+++ Exercise data +++
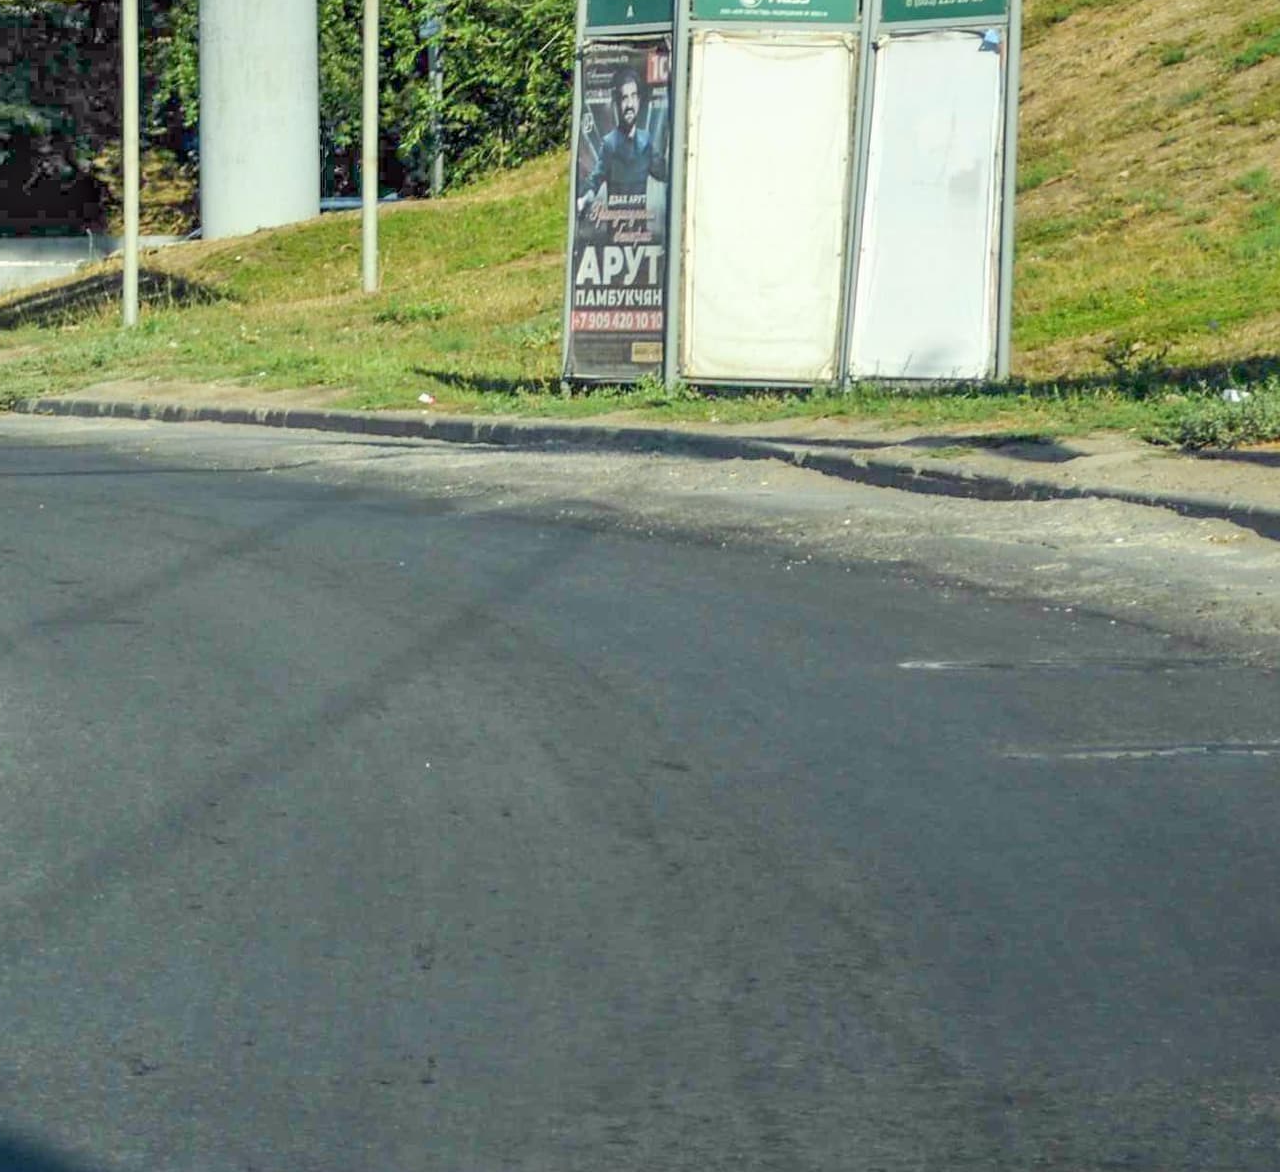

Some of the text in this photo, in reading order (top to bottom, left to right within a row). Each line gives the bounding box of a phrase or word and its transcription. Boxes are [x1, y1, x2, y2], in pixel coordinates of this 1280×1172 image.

[575, 246, 663, 285] АРУТ
[575, 288, 662, 307] ПАМБУКЧЯН
[612, 312, 633, 328] 420
[636, 311, 648, 328] 10
+++
Work to be completed » What is wanted is a verbatim transcription of every record above, pictures excluded.

Output for this exercise »
Some of the text in this photo, in reading order (top to bottom, left to right within a row). Each line gives the bounding box of a phrase or word and its transcription. Boxes are [x1, y1, x2, y2], in pixel coordinates of this 1280×1172 image.

[575, 246, 663, 285] АРУТ
[575, 288, 662, 307] ПАМБУКЧЯН
[612, 312, 633, 328] 420
[636, 311, 648, 328] 10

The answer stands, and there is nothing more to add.